> _AIM OF THE EXERCISE_: Skipping any pictures, give all of the records below again exactly.

::: DATASET EXTRACT

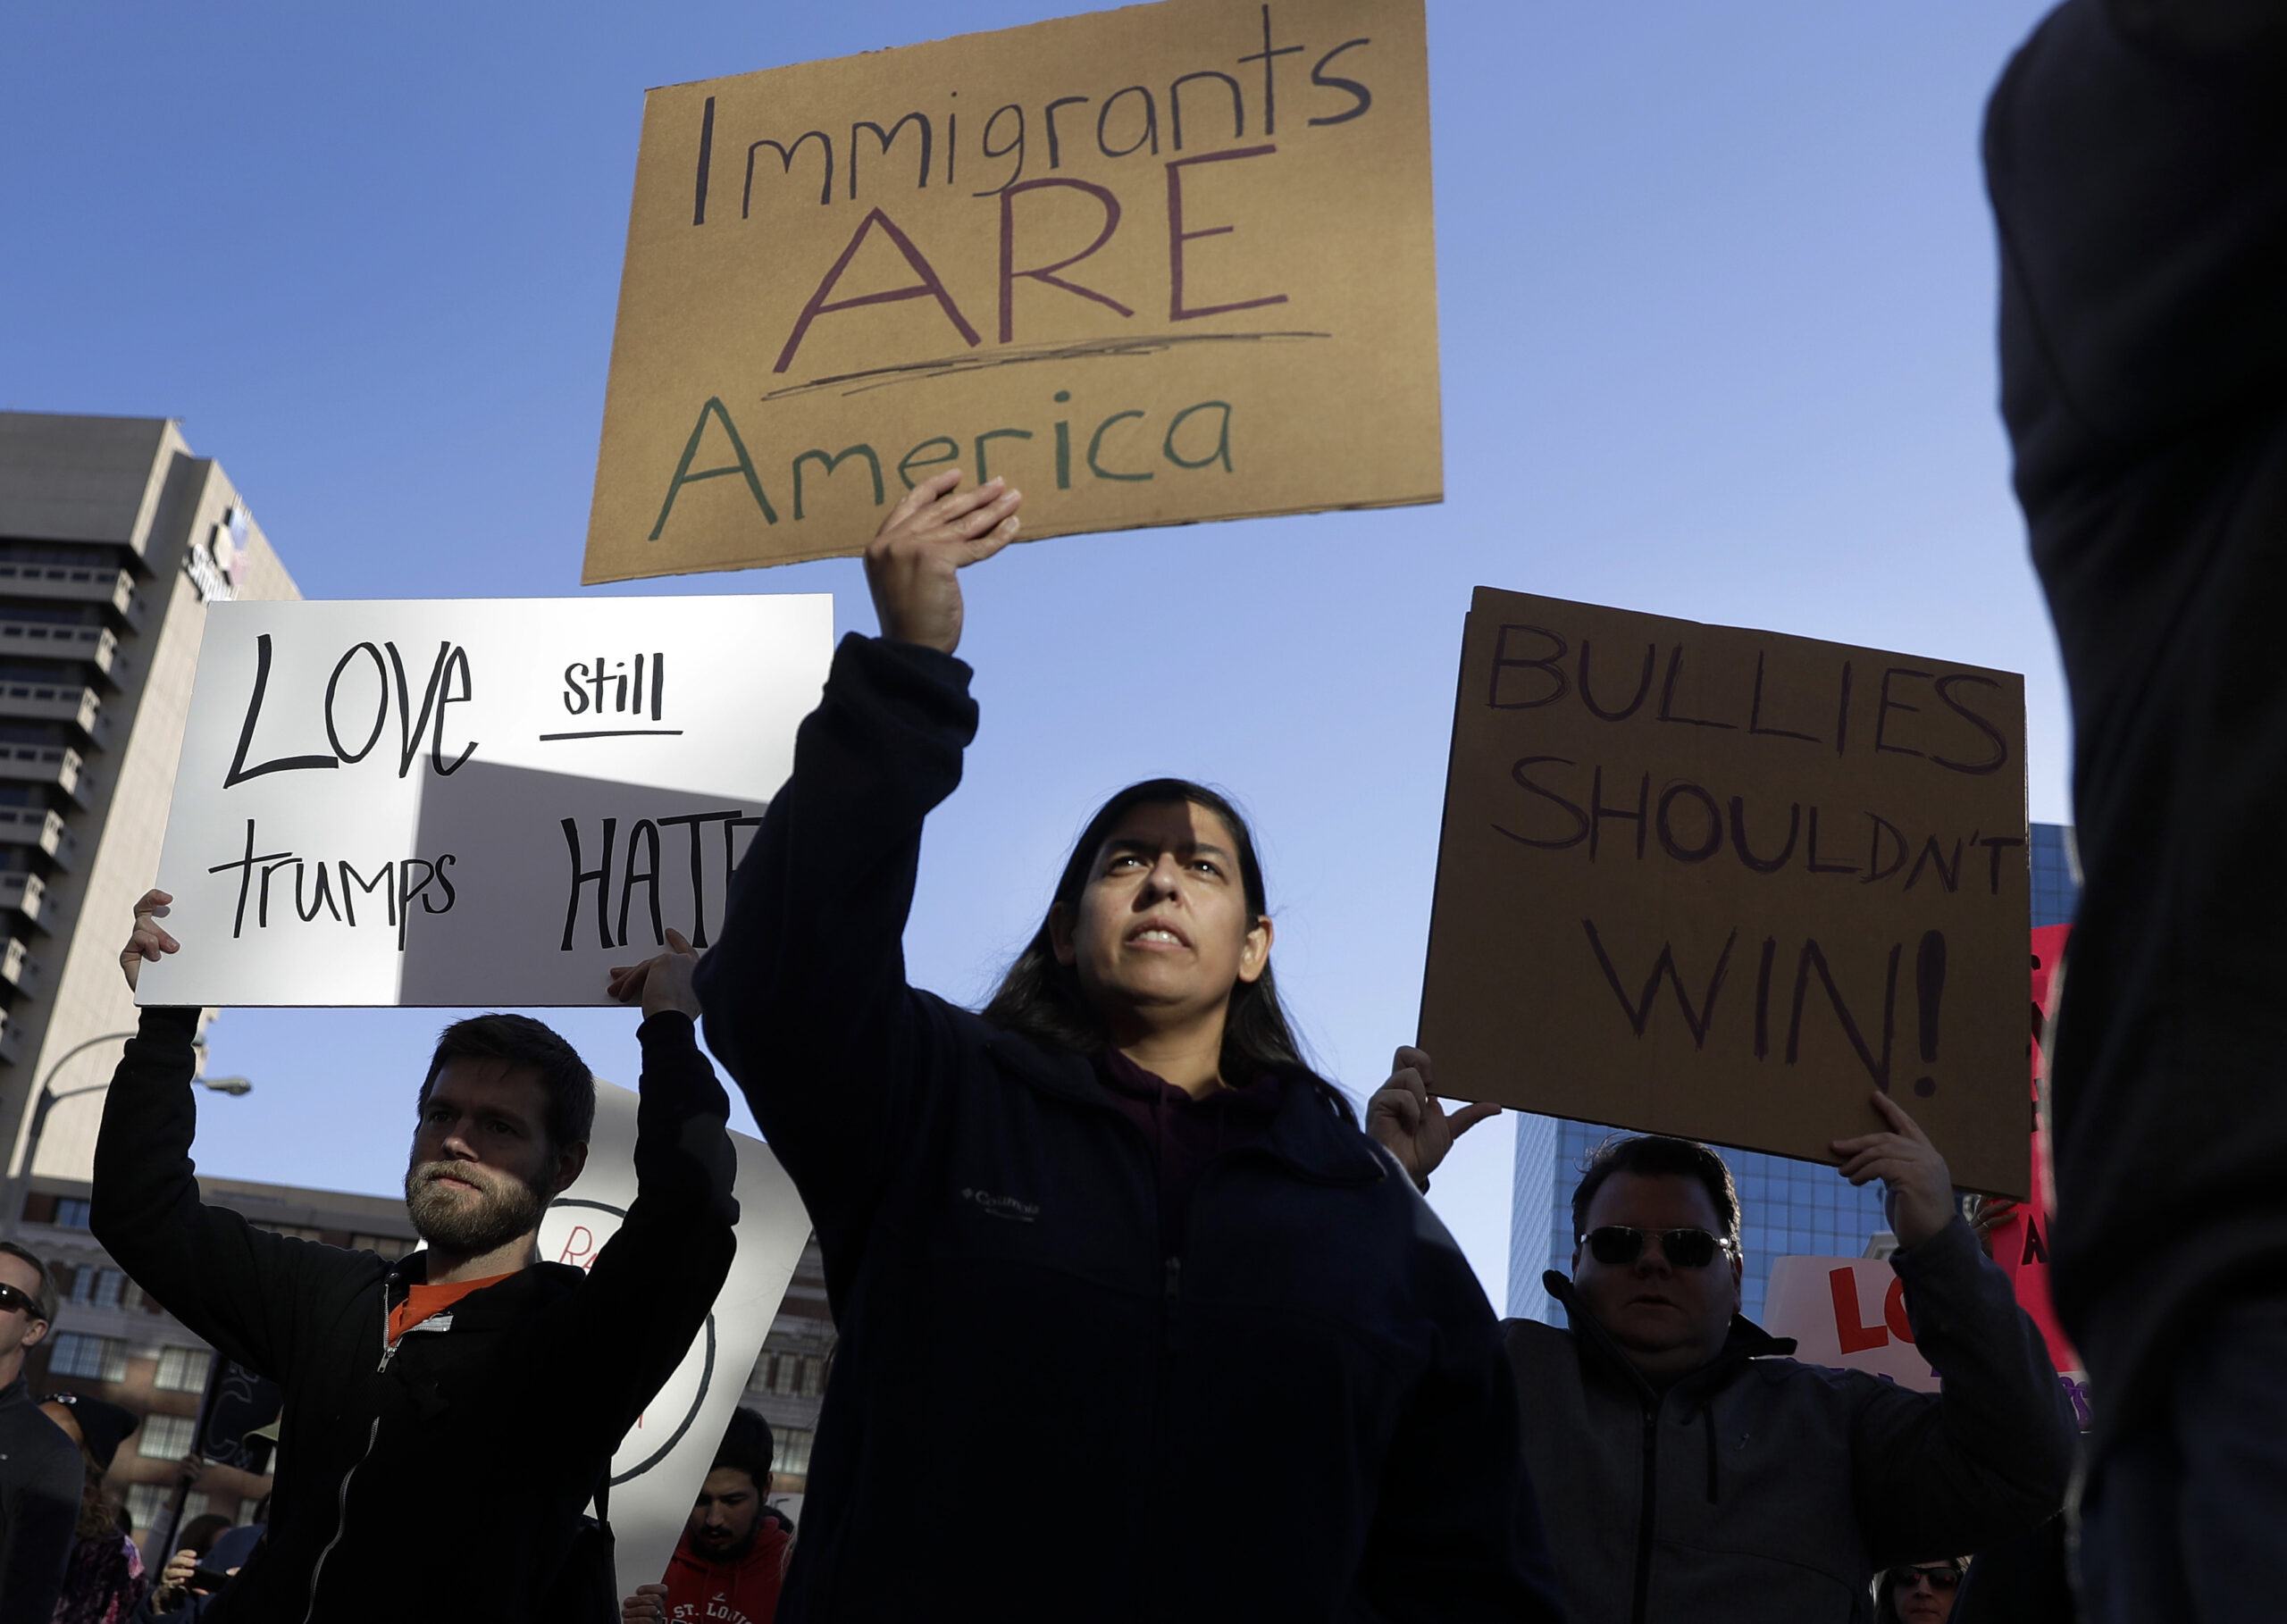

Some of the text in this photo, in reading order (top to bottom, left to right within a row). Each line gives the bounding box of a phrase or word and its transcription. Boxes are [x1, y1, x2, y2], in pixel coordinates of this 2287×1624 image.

[692, 4, 1372, 226] Immigrants
[772, 143, 1289, 374] ARE
[648, 389, 1233, 542] America
[562, 651, 666, 722] still
[1486, 623, 2009, 776] BULLIES
[1490, 755, 2026, 895] SHOULDN'T
[1579, 917, 1948, 1100] WIN!
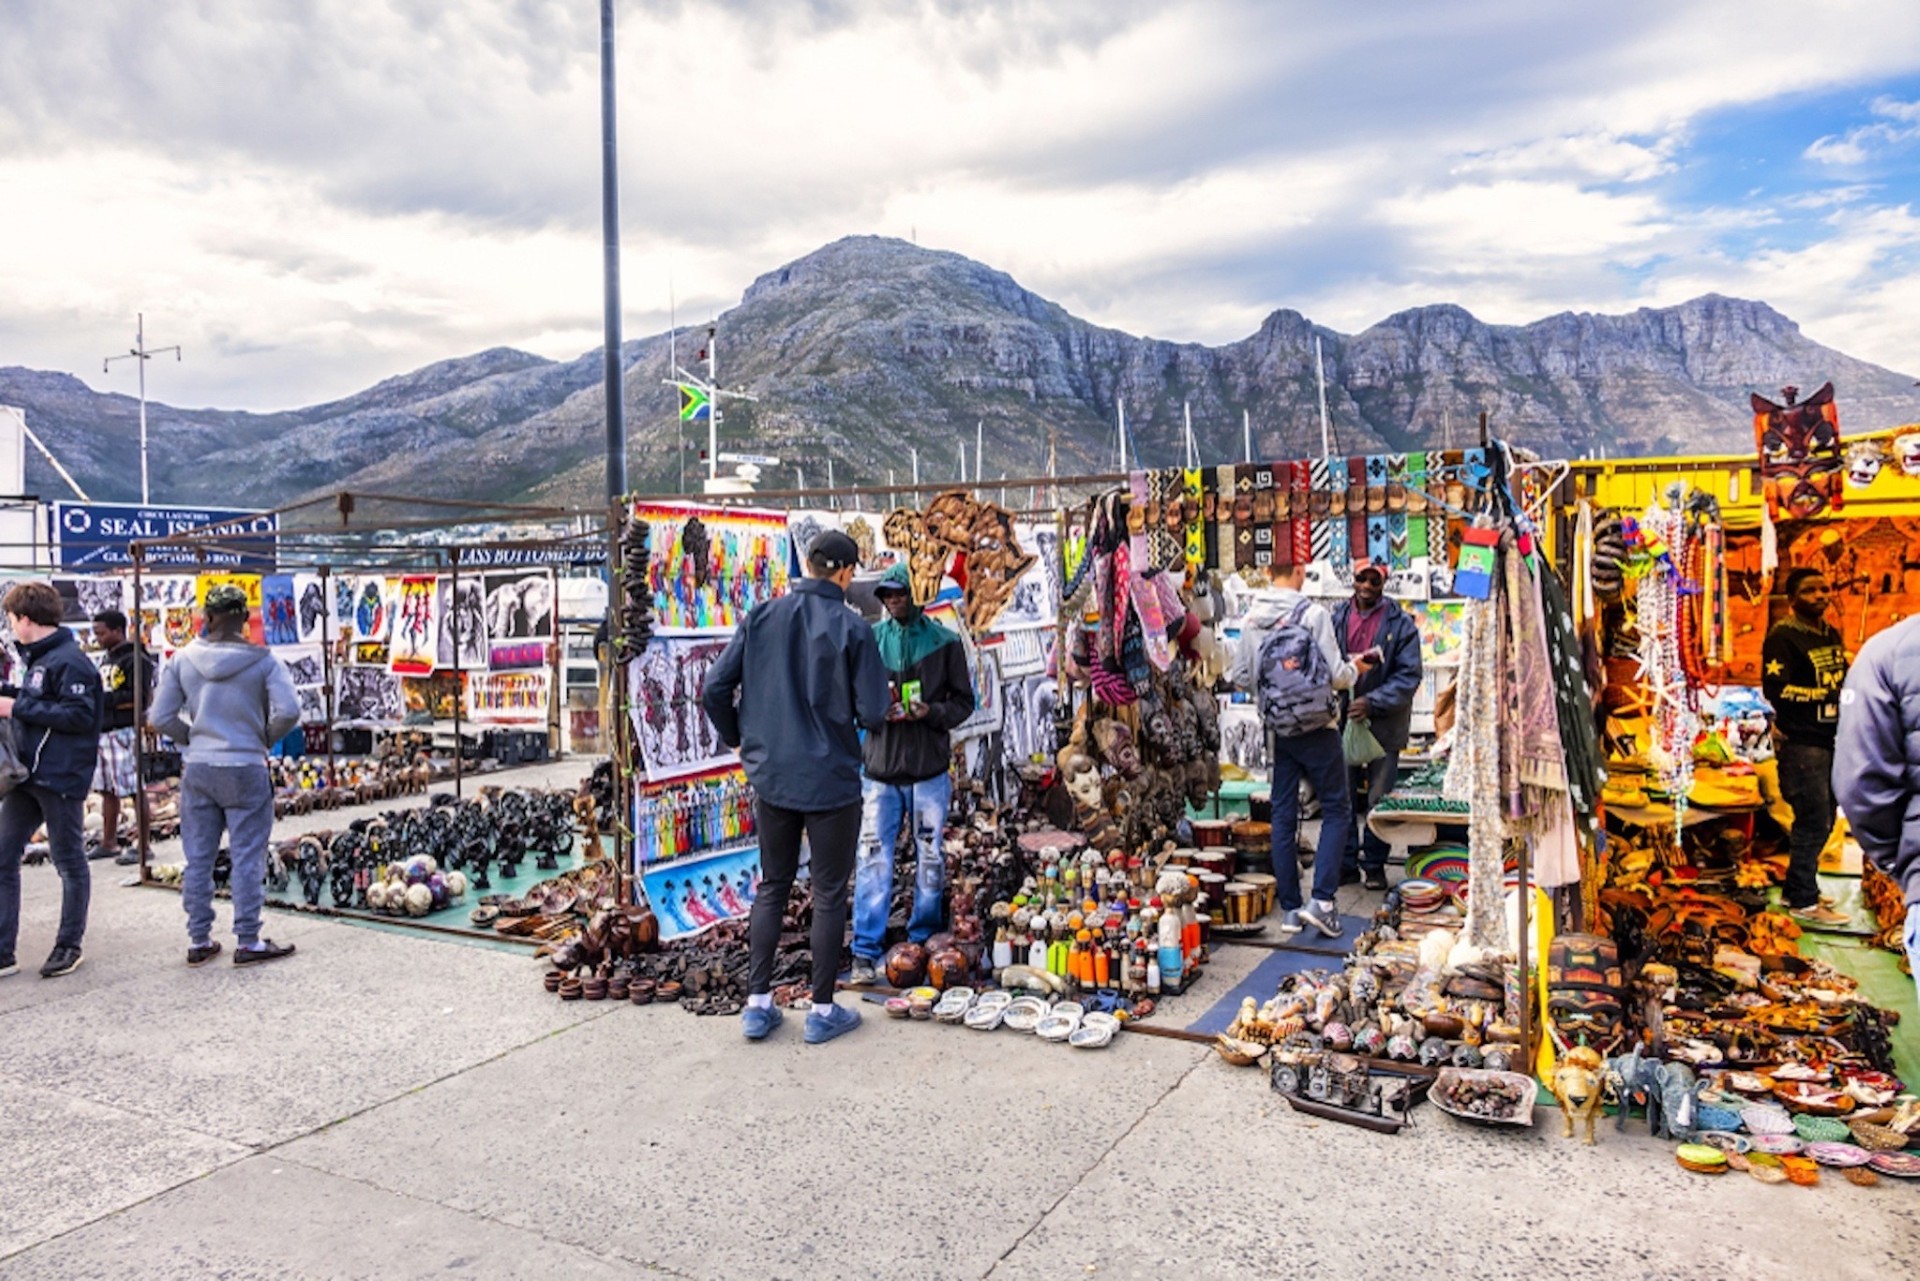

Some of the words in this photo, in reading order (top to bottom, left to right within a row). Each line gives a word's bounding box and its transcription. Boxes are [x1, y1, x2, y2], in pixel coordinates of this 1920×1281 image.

[100, 518, 158, 535] SEAL
[167, 520, 244, 537] ISLAND
[102, 552, 142, 562] GLA
[144, 552, 212, 563] BOTTOMD
[447, 547, 490, 565] LASS
[584, 548, 608, 561] BO

::::::

> _ANSWER_:
Some of the text in this photo, in reading order (top to bottom, left to right within a row). Each line gives the bounding box of a phrase or word and its transcription. Boxes are [x1, y1, x2, y2], in pixel coordinates of this 2287×1624 image.

[692, 4, 1372, 226] Immigrants
[772, 143, 1289, 374] ARE
[648, 389, 1233, 542] America
[562, 651, 666, 722] still
[1486, 623, 2009, 776] BULLIES
[1490, 755, 2026, 895] SHOULDN'T
[1579, 917, 1948, 1100] WIN!

Some of the words in this photo, in reading order (top to bottom, left to right within a row). Each line gives a word's bounding box and its transcription. Boxes are [x1, y1, x2, y2], in pixel coordinates of this 1920×1281 image.

[100, 518, 158, 535] SEAL
[167, 520, 244, 537] ISLAND
[102, 552, 142, 562] GLA
[144, 552, 212, 563] BOTTOMD
[447, 547, 490, 565] LASS
[584, 548, 608, 561] BO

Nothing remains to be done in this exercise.